Data excerpts

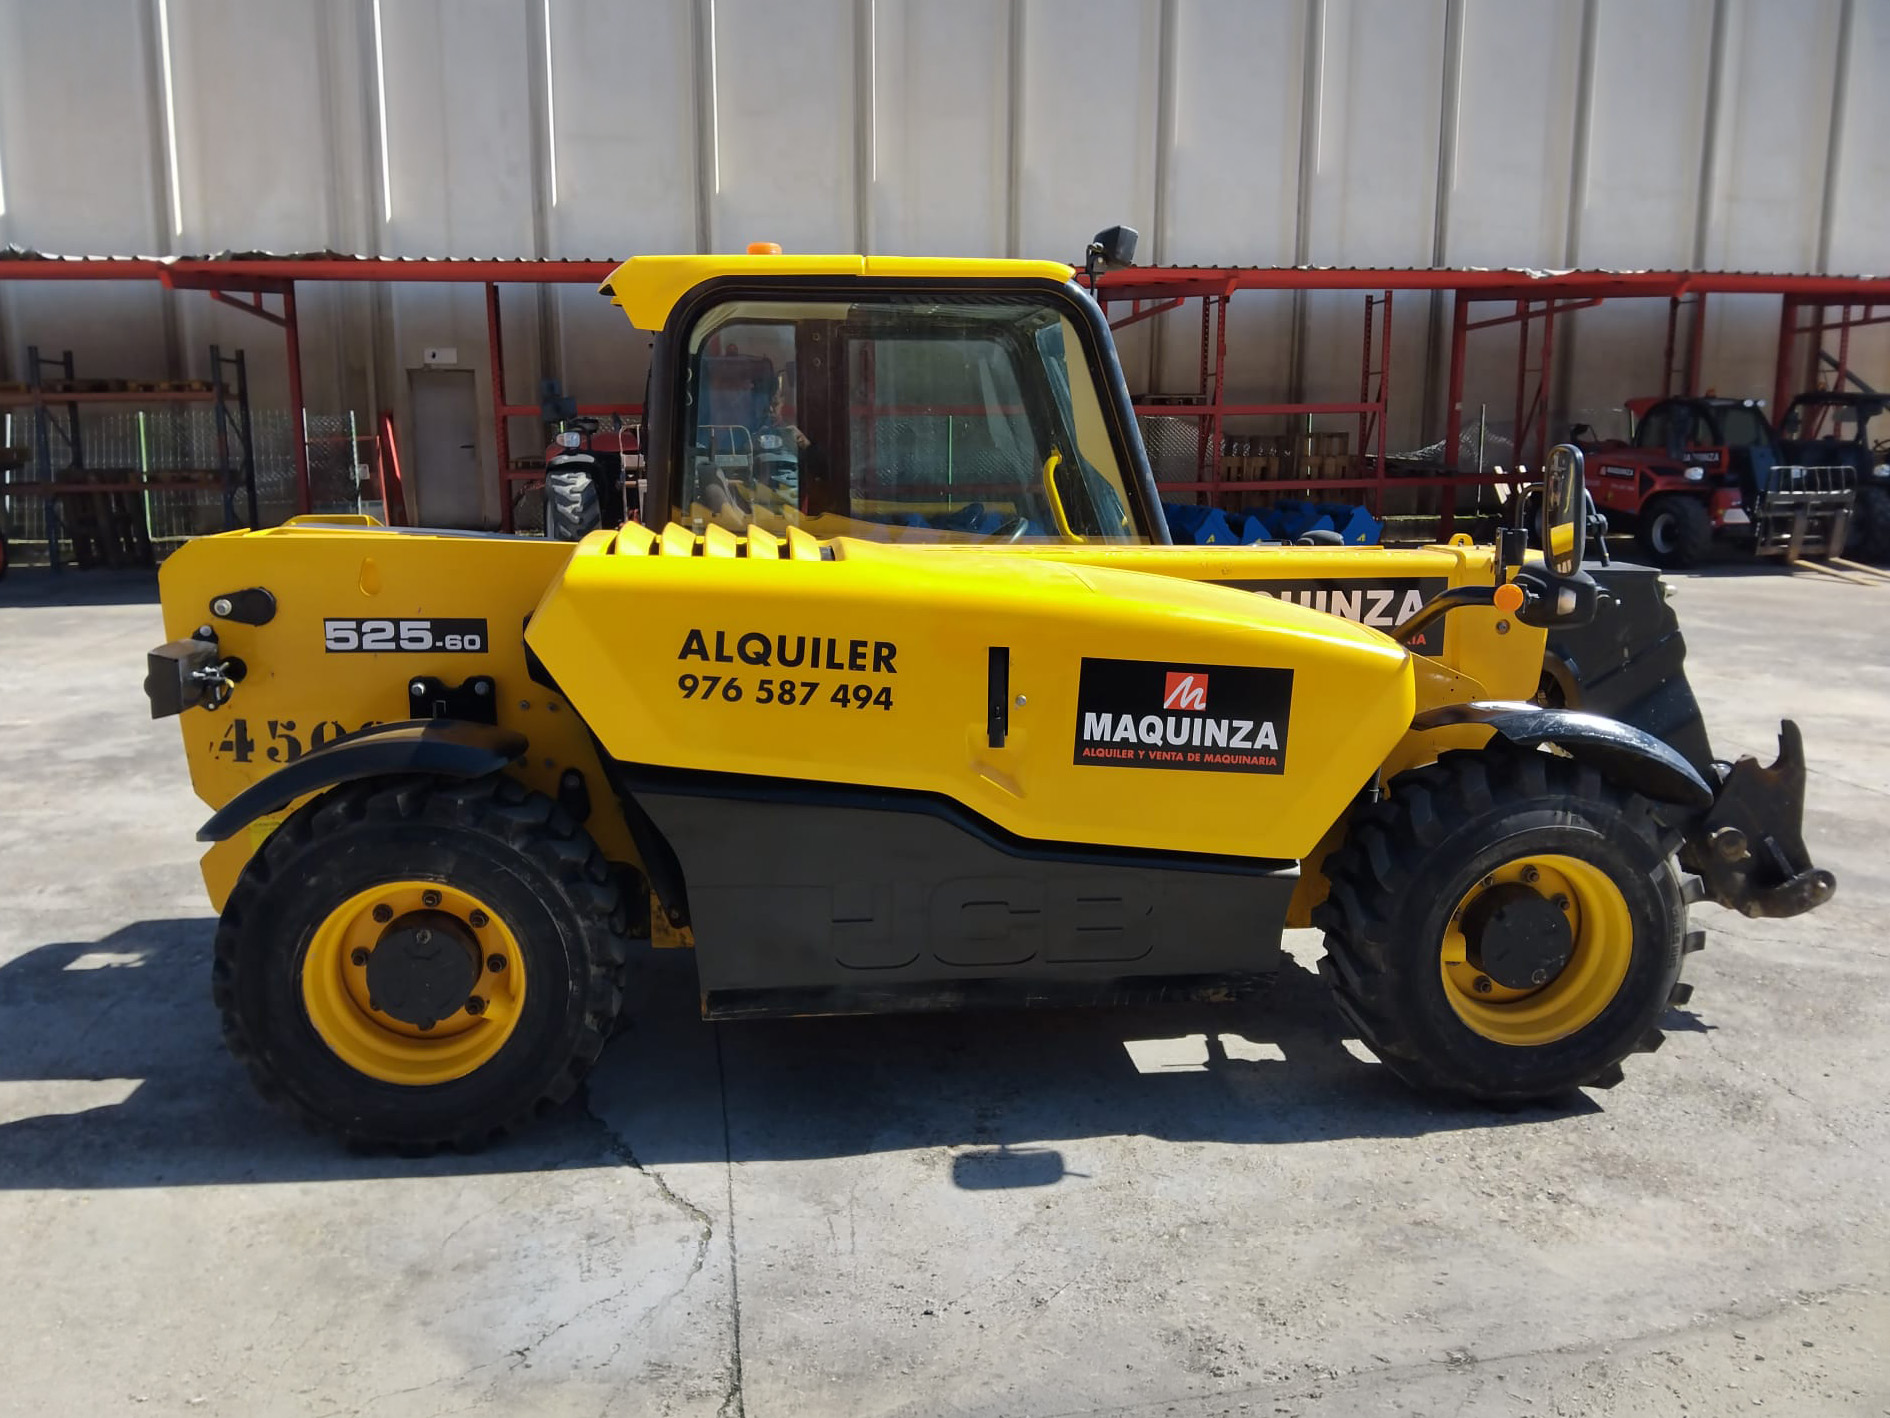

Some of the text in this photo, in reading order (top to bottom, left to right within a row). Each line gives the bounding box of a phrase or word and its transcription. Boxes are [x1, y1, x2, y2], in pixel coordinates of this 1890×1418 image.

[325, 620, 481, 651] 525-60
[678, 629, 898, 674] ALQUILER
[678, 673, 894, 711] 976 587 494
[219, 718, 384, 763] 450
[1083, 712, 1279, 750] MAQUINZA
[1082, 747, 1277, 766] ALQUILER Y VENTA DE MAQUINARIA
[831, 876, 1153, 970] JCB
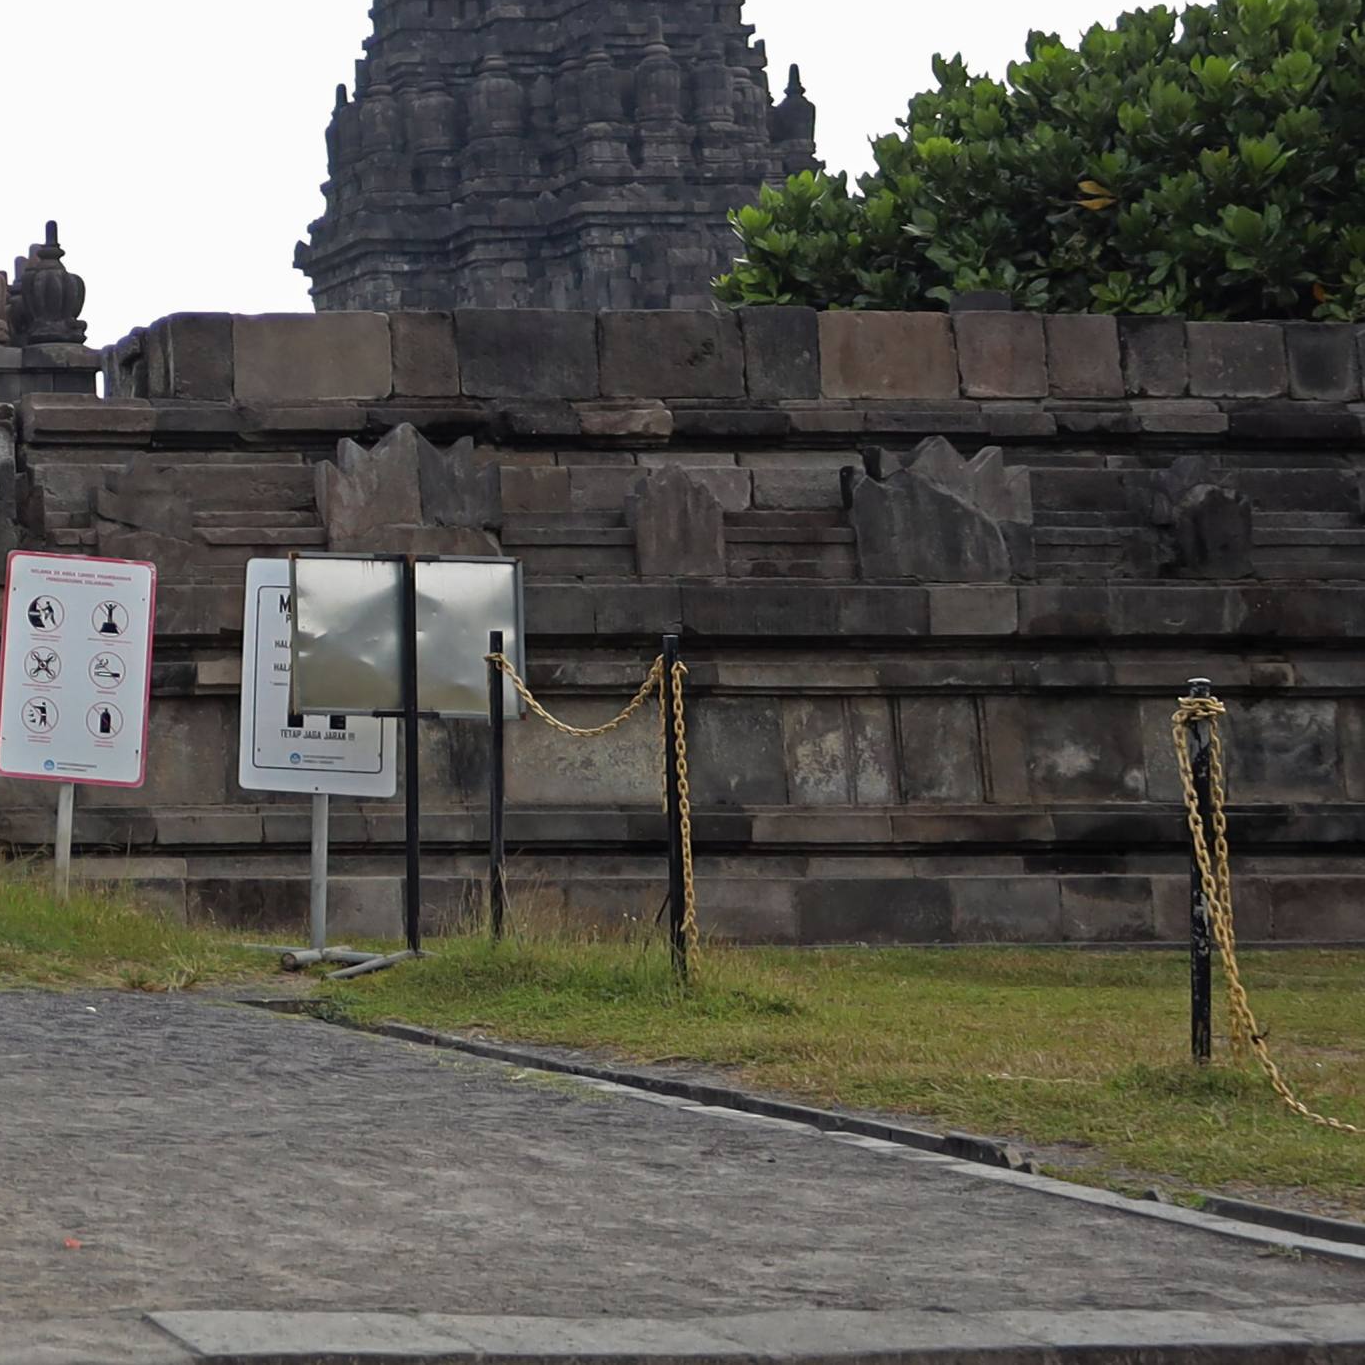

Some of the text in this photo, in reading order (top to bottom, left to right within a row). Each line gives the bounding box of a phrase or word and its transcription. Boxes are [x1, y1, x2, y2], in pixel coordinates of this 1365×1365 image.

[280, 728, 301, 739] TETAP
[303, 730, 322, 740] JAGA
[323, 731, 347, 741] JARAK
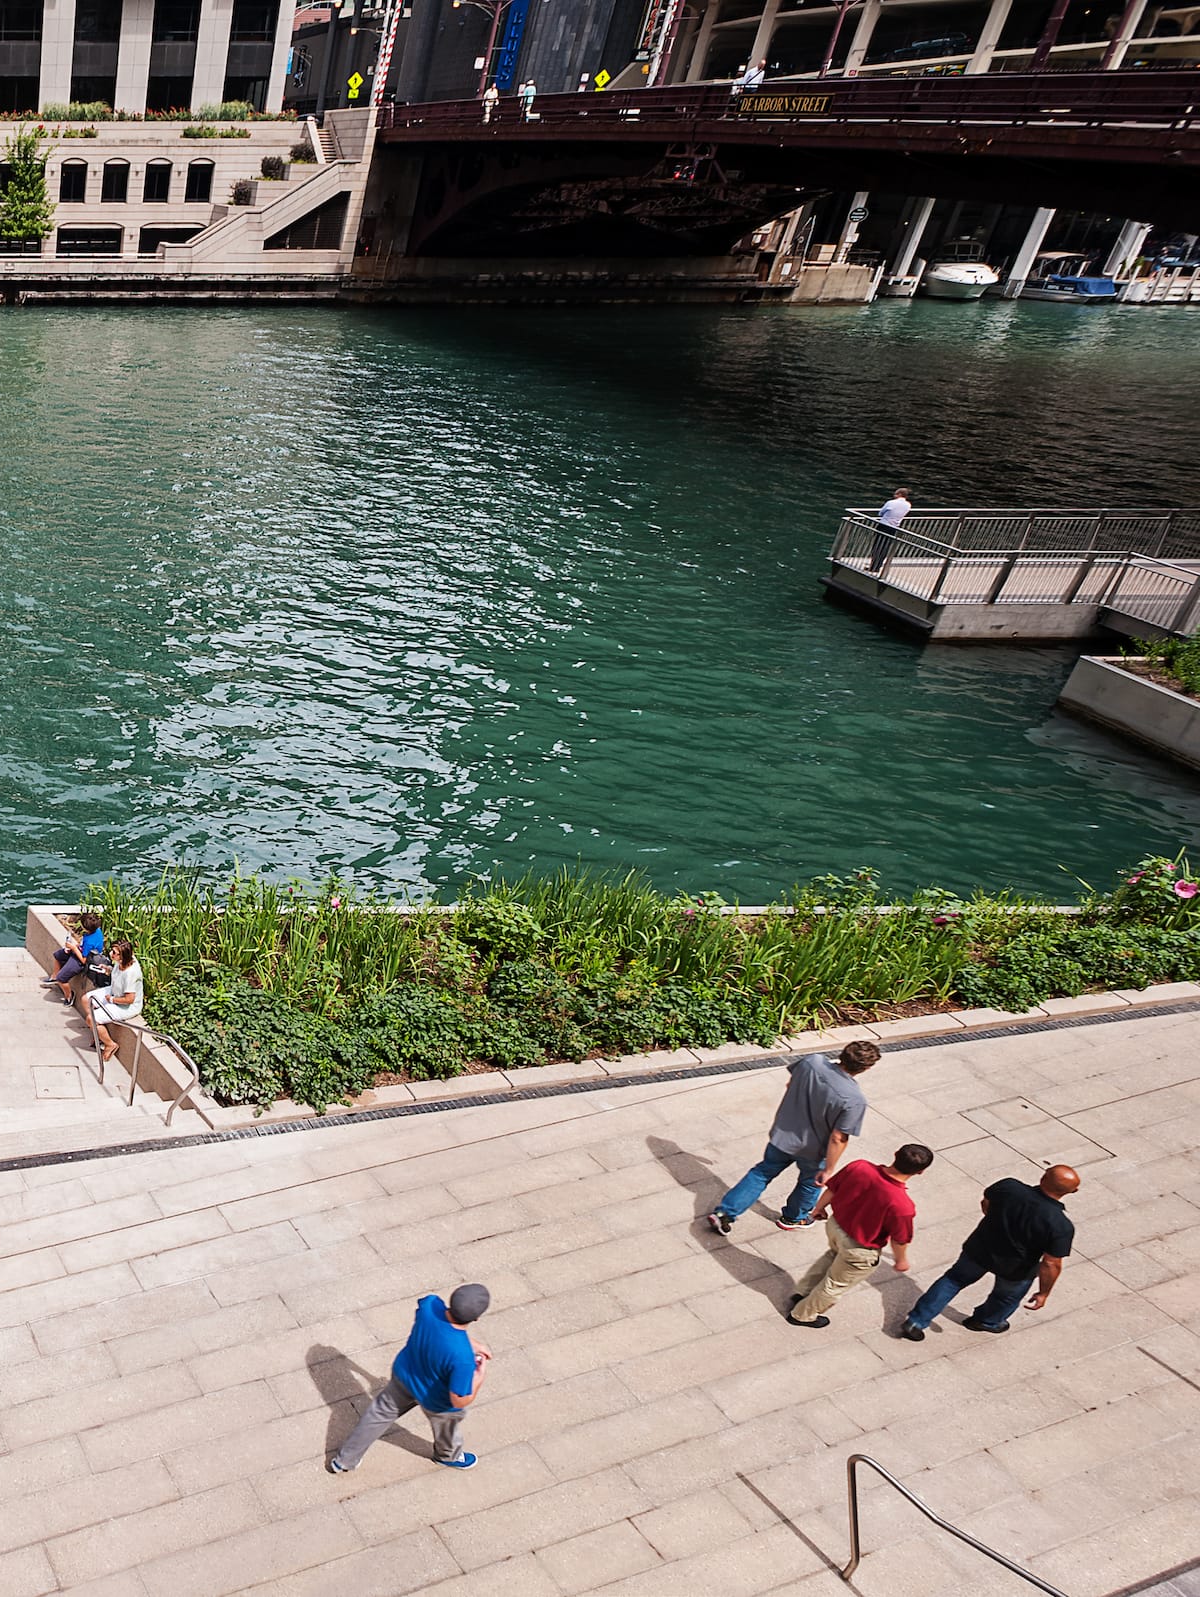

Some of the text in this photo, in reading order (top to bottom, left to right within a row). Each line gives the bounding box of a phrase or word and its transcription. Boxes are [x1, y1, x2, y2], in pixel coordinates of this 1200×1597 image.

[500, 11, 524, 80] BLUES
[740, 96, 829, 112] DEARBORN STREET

Work instruction |
Find the line that contains "this 1200×1597 image.". Restate it and all lines after it exactly, ending with the final line of the data.

Task result |
Some of the text in this photo, in reading order (top to bottom, left to right within a row). Each line gives the bounding box of a phrase or word and its transcription. Boxes are [x1, y1, x2, y2], in pixel coordinates of this 1200×1597 image.

[500, 11, 524, 80] BLUES
[740, 96, 829, 112] DEARBORN STREET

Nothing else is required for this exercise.